You can configure the Web Agent for two different authentication modes: Reverse Proxy mode and SAML mode. Depending on which mode is used, the mechanism for retrieving the identity of users differs. In Reverse Proxy mode, identity information is passed to the application via an HTTP variable set in the HTTP header, eid_user. This variable contains the user's EmpowerID login name. When configured for Reverse Proxy mode, the agent assumes that a trusted reverse proxy is making the request to the Web application and has set the identity in the HTTP header variable. In SAML mode, the agent reads the SAML assertion generated by the EmpowerID IdP and pulls out the Name Identifier from that assertion and passes it to the application.

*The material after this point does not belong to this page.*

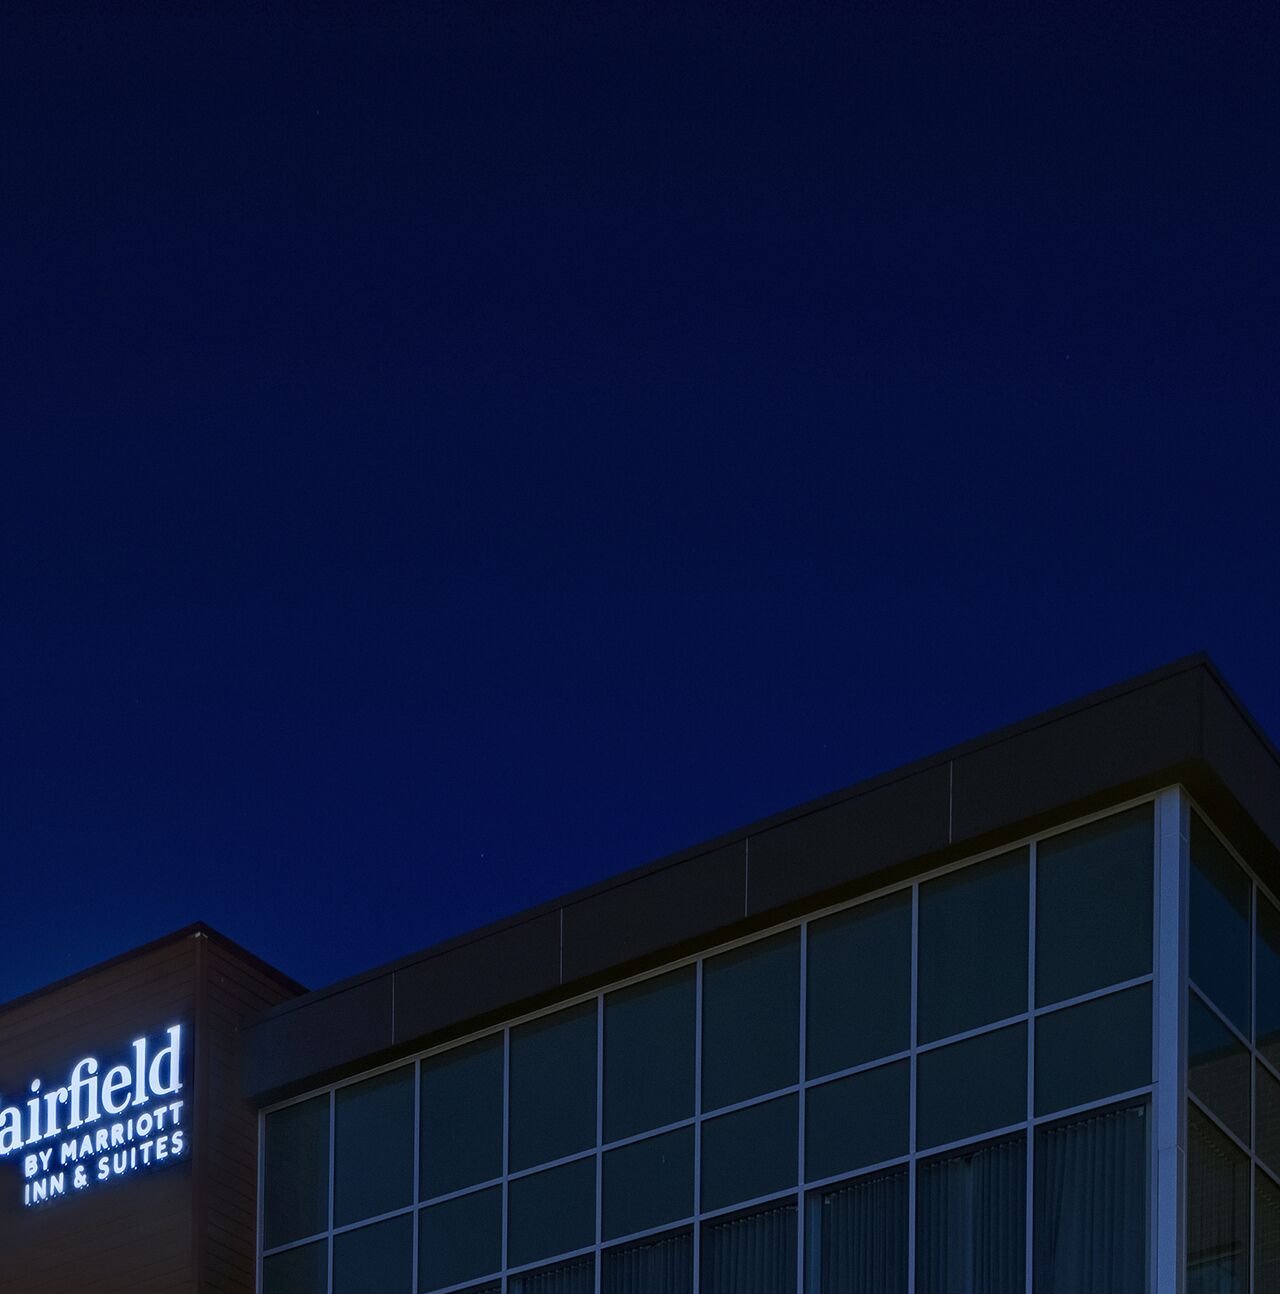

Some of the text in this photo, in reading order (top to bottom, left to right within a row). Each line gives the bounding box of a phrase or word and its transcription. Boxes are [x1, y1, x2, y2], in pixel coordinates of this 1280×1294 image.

[24, 1101, 184, 1178] BY MARRIOTT
[24, 1130, 184, 1206] INN & SUITES
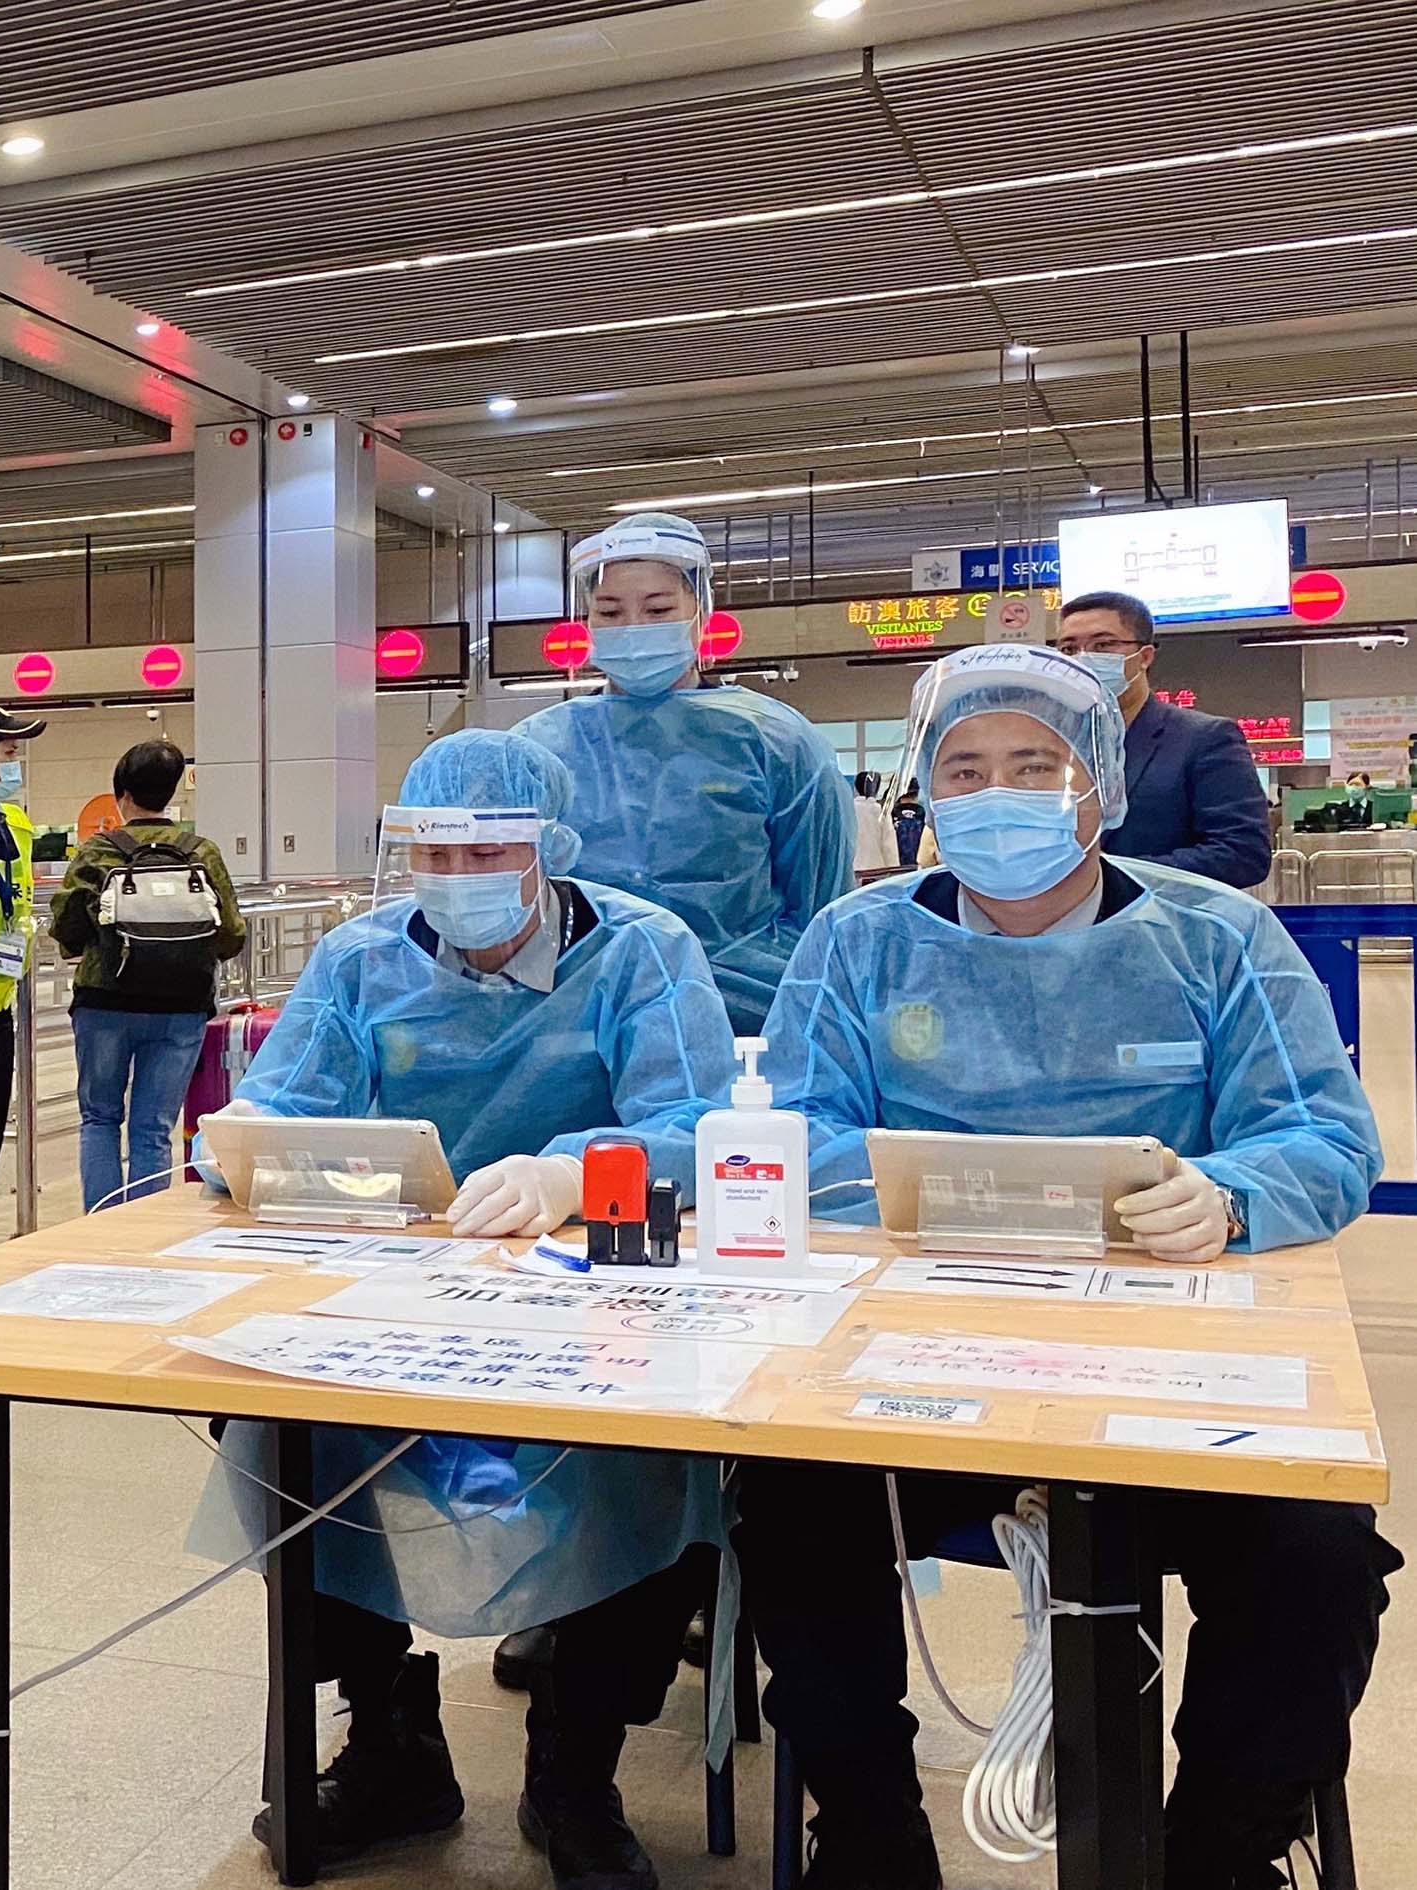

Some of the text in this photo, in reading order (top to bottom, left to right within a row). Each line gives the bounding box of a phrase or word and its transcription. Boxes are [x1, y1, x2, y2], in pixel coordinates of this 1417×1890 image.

The Web Agent can be set for either forms-based or claims-based authentication. These modes determine the identity type used by the .NET Web application being protected, enabling EmpowerID to run the appropriate code to set the identity of the user. Once users authenticate, the next time they try to access the application within the same session, the agent passes the identity information to the application. There is no need to authenticate a second time.
WAM Process Flow
The following image provides an overview of the flow that occurs in EmpowerID's Web Access Management system. In the image, an anonymous user attempts to access a protected Web resource. Because this resource is protected by EmpowerID and the current user is anonymous, the EmpowerID Reverse Proxy or EmpowerID Web agent (depending on the method used for the resource) intercepts the request to enforce the security policy for the resource. The user's browser redirects to the EmpowerID Login page, where the user must submit credentials for the process to continue.
Depending on how your SSO Connector framework is setup, users can choose to authenticate with credentials from any accepted third-party identity providers (IdP), such as Google, Facebook, or Twitter. (The user must have an EmpowerID Person with an account linked to the third-party IdP being used.) EmpowerID then checks those credentials against the EmpowerID Identity Warehouse to verify the identity of the user. If authentication is successful, identifier information for the user is returned to the calling application (EmpowerID Reverse Proxy or EmpowerID Web Agent), where it is processed and used to either allow or deny access based on the delegations associated with the user.